La programmation des travaux

Une fois ces préparatifs mis en place, il faut programmer les travaux. En effet il ne faut pas interrompre le culte, on ne peux pas se contenter de raser l'ancienne cathédrale et d'en reconstruire une. Alors on construit autour de l'ancienne construction (par enveloppement et petit bout par petit bout) 
On construit d'abord le chevet, puis la façade et enfin on raccorde les deux.
Le financement des travaux

Mais pour que de tels travaux puissent avoir lieu , il faut des sous. Hors les banques n'existaient pas au Moyen Age (avant le XVe) on utilise donc différents moyens.

- Contribution de l'évêque: il doit donner 1/4 de ses revenus pour l'entretient de la cathédrale (mais ce n'est pas respecté) 
- La chapitre des chanoines : les plus gros des revenus
- Dons / troncs / dons des confréries

Mais tout ceci ne suffit pas, il faut toujours demander plus au fidèles mais lorsque le chantier dure un peu trop longtemps ils perdent un peu "d'ardeur"... Du coup quelques solutions ont étés trouvées:
- La découverte miraculeuse de reliques extraordinaires. A Notre Dame de paris, juste au moment où les caisses étaient vides , on découvre des cheveux de la vierge , dents de St Jean Baptiste , Crane de St Denis (censé se trouver à St Denis logiquement..)..etc...
-> Ceci ranime l'ardeur des fidèle = plein de sous!
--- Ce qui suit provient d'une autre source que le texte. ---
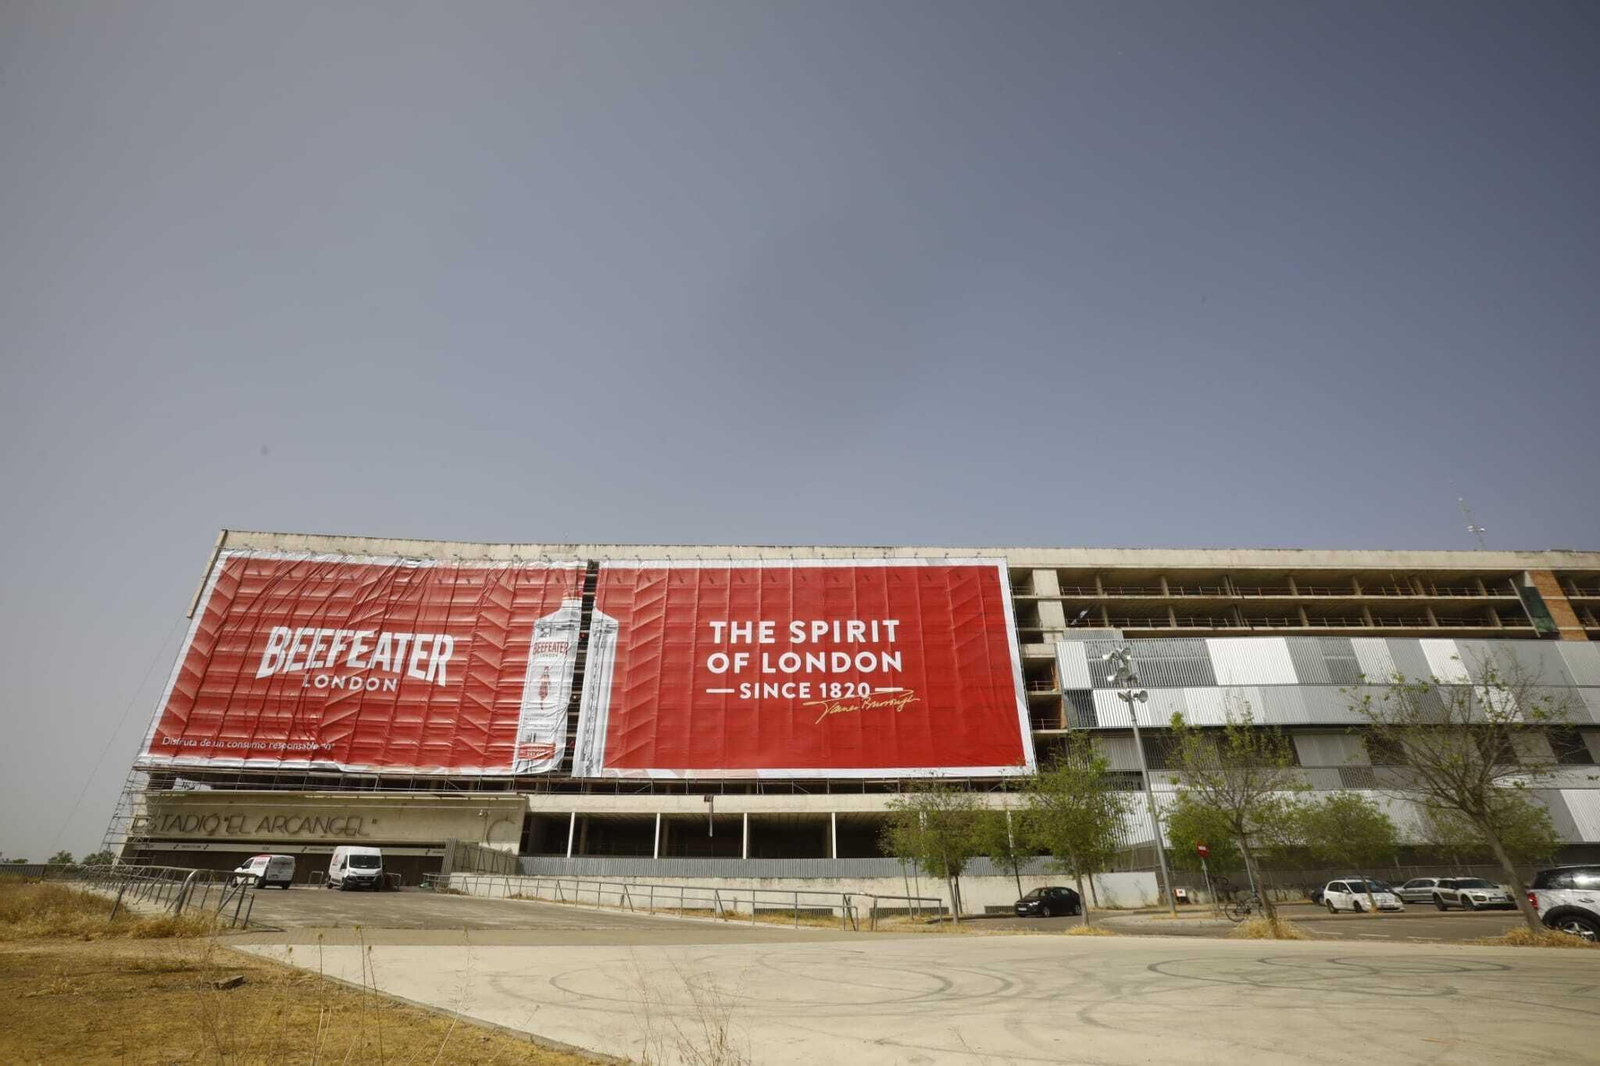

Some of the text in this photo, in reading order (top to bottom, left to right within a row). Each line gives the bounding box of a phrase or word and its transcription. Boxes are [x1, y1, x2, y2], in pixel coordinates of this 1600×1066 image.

[709, 619, 900, 644] THE SPIRIT
[255, 626, 454, 687] BEEFEATER
[533, 641, 569, 655] BEEFEATER
[706, 651, 902, 674] OF LONDON
[302, 674, 398, 692] LONDON
[739, 682, 871, 699] SINCE 1820
[162, 736, 197, 746] Disfruta
[200, 738, 211, 747] de
[212, 740, 225, 748] un
[226, 741, 267, 749] consumo
- on utilise des bulles d'indulgence : En bref, paye ton salut. ( Ce que Luther critiquera plus tard)

Vu que les rentrées d'argent ne sont pas toujours régulières la construction avance par petits bouts , cela explique que l'on construise par tranches verticale non pas horizontale (c'est toujours mieux d'être avec tout un chevet, plutôt qu'avoir toute une église sans voûte.)
Et cela explique aussi l'hétérogénéité des styles entre les différentes parties.
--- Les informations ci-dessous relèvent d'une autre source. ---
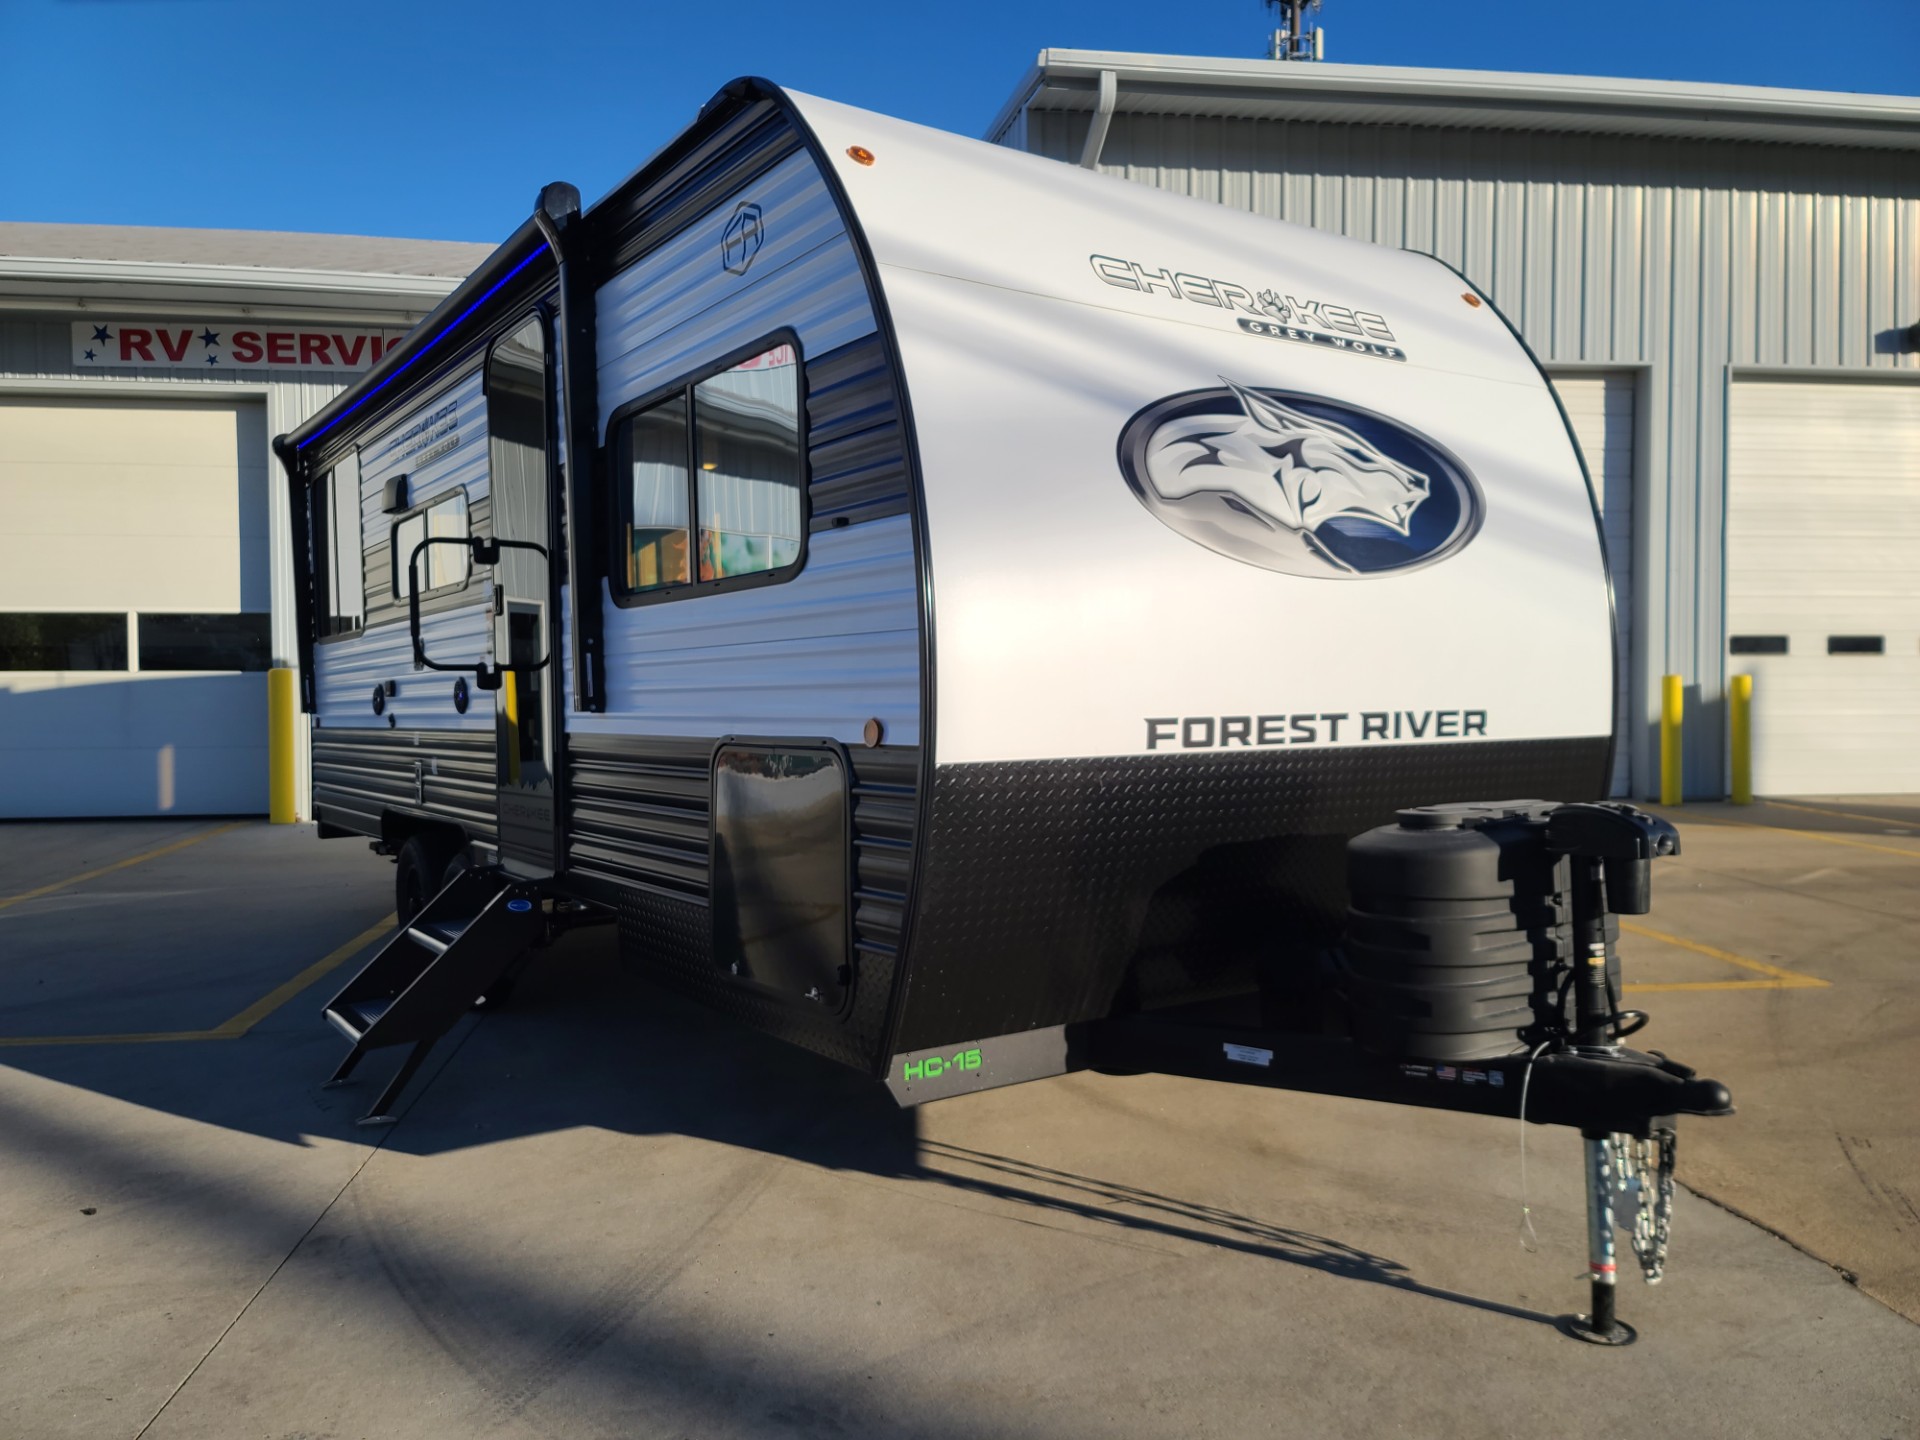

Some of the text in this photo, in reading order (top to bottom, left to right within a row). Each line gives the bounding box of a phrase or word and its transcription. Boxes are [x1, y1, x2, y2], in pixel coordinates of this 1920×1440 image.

[118, 328, 404, 366] RV SERVI
[1249, 322, 1398, 358] GREY WOLF
[1143, 709, 1488, 750] FOREST RIVER
[904, 1048, 982, 1082] HC-15
Et quand ya plus de sous du tout ben on stoppe tout.
cathédrale de Quimper pas droite

cathédrale de Beauvais pas finie
 (au moins si la cathédrale de Quimper est pas droite , elle est terminée.)



II - Les acteurs

Il y a des acteurs que l'on ne voit pas comme les commanditaires.
- Il y a l'évêque qui est à l'initiative du projet 
- La fabrique - administrée par des chanoines - est l'organisme qui suit les travaux , elle négocie l'acquisition des terrains, s'occupe de la logistique ( achat des matériaux , salaire des hommes)

Sur les chantiers 

Contrairement à ce que l'on pourrait penser, ce sont des petits effectifs puisqu'on a besoin d'une main d'oeuvre qualifiée (et non pas d'une foule comme dans un certain chantier de 3 mois).
On retrouve : le maître d'oeuvre , le contremaître, l'appareilleur , les tailleurs et sculpteurs , les maçons , les "valets du chantiers" , le maître charpentier et le forgeron (qui est bien utile avec tout ces outils en métal.)
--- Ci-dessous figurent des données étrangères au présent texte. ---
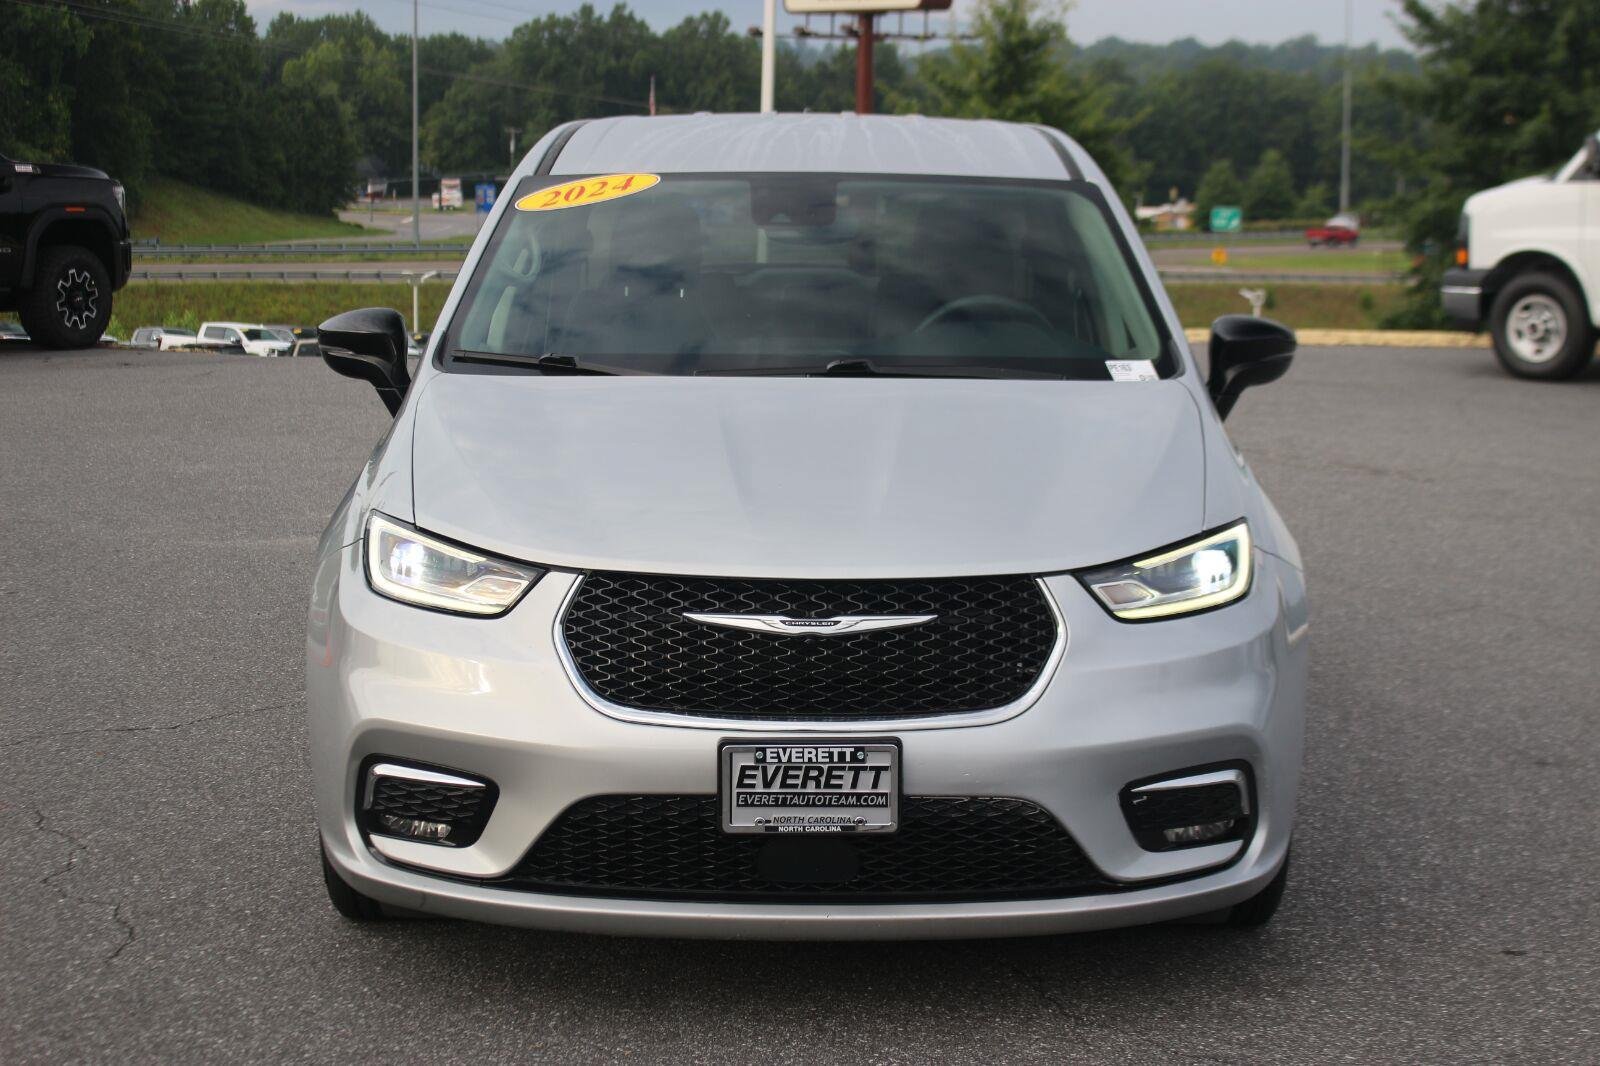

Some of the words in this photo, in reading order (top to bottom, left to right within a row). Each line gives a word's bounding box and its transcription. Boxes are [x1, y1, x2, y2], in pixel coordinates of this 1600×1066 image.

[541, 176, 635, 208] 2024
[766, 748, 854, 763] EVERETT
[736, 765, 889, 789] EVERETT
[738, 795, 886, 805] EVERETTAUTOTEAM.COM
[807, 816, 852, 824] CAROLINA
L'architecte est souvent anonyme (il sort de cet anonymat à l'époque gothique) , et esy parfois actif sur plusieurs chantiers à la fois ( ça paye mieux). Puis peu à peu , ils finissent par ne plus mettre un pied sur le chantier mais ne font "que" le concevoir - ils collent peu à peu plus à la vision moderne de l'architecte que l'on a.
On va le représenter de plus en plus fréquemment.
pierre tombale d'Hugues Libergier dans l'Église st nicaise

Ici il tient le modèle réduit de la construction dans ses mains, ce qui était réservé au commanditaire auparavant. Et puis on va peu à peu représenter Dieu avec des outils d'architectes à la mains comme signe de créateur suprême.
=> Ceci montre la fierté de cette "nouvelle" profession










Le nom des architectes deviendra plus connu et sera parfois placé sur le sol de la cathédrale , dans des dédales (ex :Reims) ce qui un hommage au plus grand architecte de tous les temps Dédale.



Un autre exemple nous montre bien la promotion de la figure de l'architecte , dans le chevet de l'église de prague. Dans le triforium , deux bustes des deux architectes sont placés à côté du buste de l'empereur et de l'archevêque qui a lancé les travaux.

Bref ils se sentent plus.

Je m'arrêterais ici pour aujourd’hui , nous n'avons pas eu de conclusion puisque la conférence avait légèrement débordé , j'espère que ça vous a plu , et que c'est compréhensible ! Je vous donne rendez vous mercredi/jeudi prochain !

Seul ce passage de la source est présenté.